Richard Nixon, still regarded as one of the most gifted political strategists of any age, used to say that a running mate could only bring a nominee his home state – an insight that perhaps was a self-serving reflection of how Dwight Eisenhower carried California in both 1952 and 1956, triumphs he likely would have had in the state even without the first-term senator on his ticket. Indeed, GOP governors Earl Warren and Goodwin Knight won easily in the two years before both of the presidential contests, so the Nixon influence likely was minimal.

In his own campaigns for president, Nixon’s first running mate, Henry Cabot Lodge, did not bring Massachusetts into the Republican 1960 column; the state went for its other native son, Senator John F. Kennedy. Eight years later, Mr. Nixon chose Maryland governor Spiro Agnew and then lost that state. The Nixon-Agnew ticket carried Maryland in 1972, but then again, it carried every state but Massachusetts.

Two vice-presidential choices in recent years also failed the Nixon test, disappointing party strategists. John Kerry placed former senator John Edwards of North Carolina on his 2004 national ticket, and the Democrats still lost the Tar Heel State. Eight years later, former governor Mitt Romney of Massachusetts selected then-representative Paul Ryan of Wisconsin as his running mate. The GOP failed to win that state.
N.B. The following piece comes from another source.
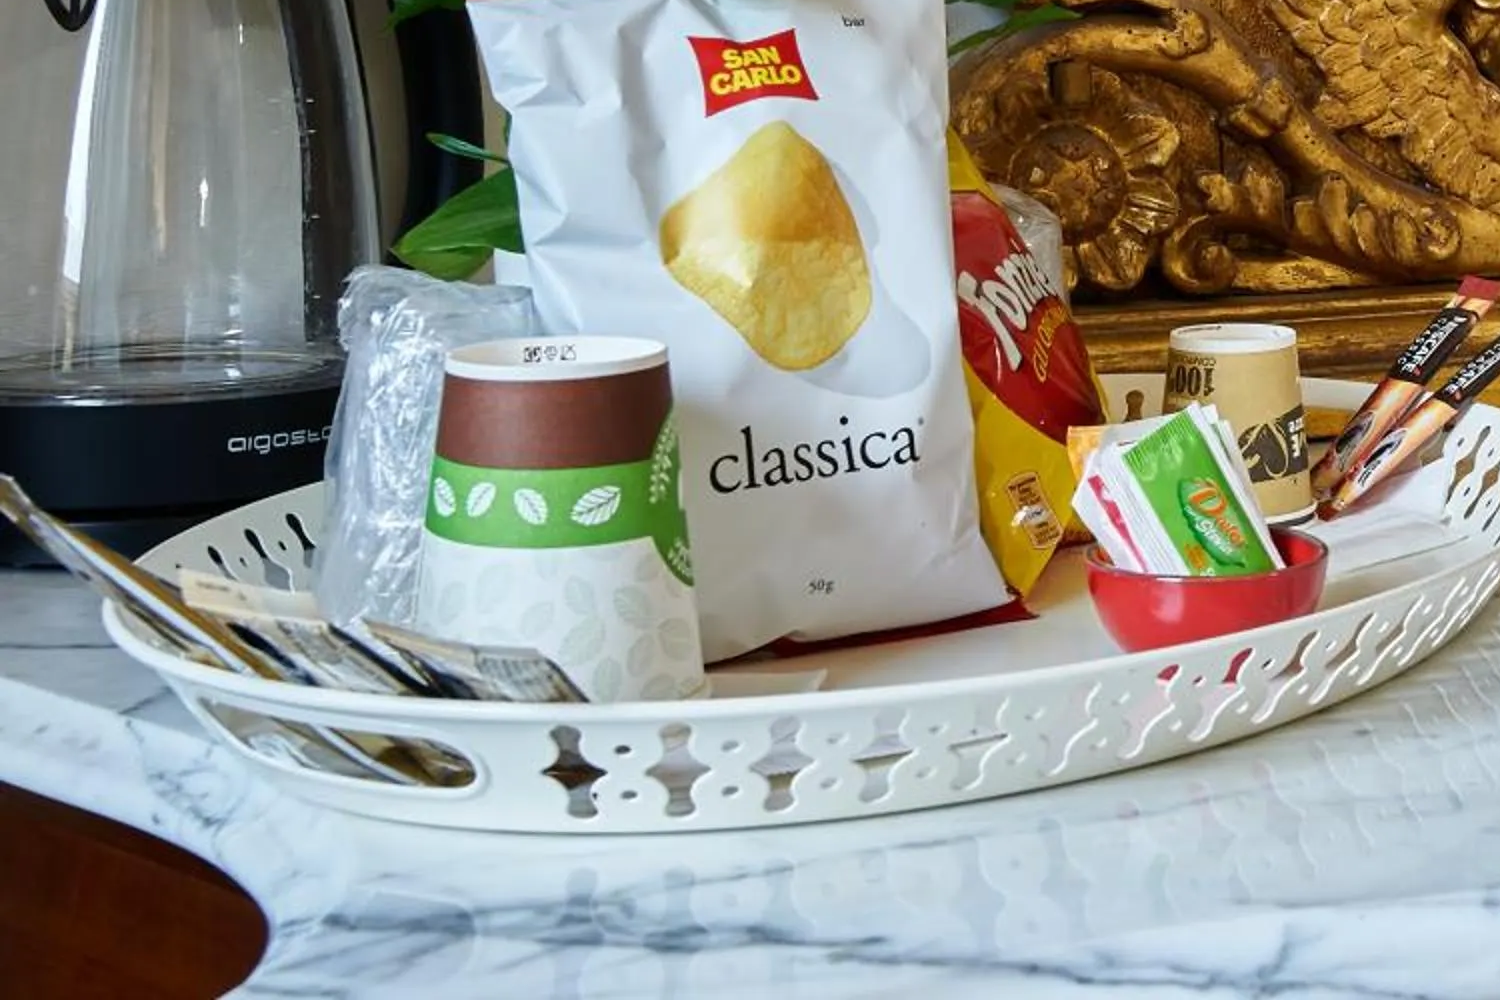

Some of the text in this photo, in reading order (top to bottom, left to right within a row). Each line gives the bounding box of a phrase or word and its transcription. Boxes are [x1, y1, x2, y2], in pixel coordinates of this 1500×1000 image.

[722, 46, 781, 69] SAN
[710, 64, 801, 96] CARLO
[709, 416, 921, 493] classica
And it was no great achievement that Mr. Cheney helped Mr. Bush twice win Wyoming, or that senator Dan Quayle helped George H.W. Bush twice carry Indiana, or even that senator Robert Dole helped president Gerald R. Ford win Kansas. Together these three states have voted Republican 38 of the last cumulative 39 times. In short, all three of them have fallen in the Republican column in every election since 1968 except 2008, when Barack Obama took Indiana by a single point.

Lyndon Johnson’s aides were astonished that the Texas lawmaker relinquished the role of Senate majority leader, one of Washington’s most formidable power centres, for a place on the 1960 Kennedy ticket and an executive-branch position that held little power. Within months, Mr. Johnson sunk into profound depression and a sense of worthlessness.

Mr. Johnson may have been derided in the Kennedy White House as “Uncle Cornpone,” but he knew one important fact, which he later acknowledged figured into his thinking and which must be top of mind when the two presidential nominees this year are 74 and 77 years old: Seven occupants of the vice-presidency had ascended to the presidency because of the death of the chief executive. Mr. Johnson became the eighth on a Friday afternoon in Dallas in 1963, when Mr. Kennedy was assassinated.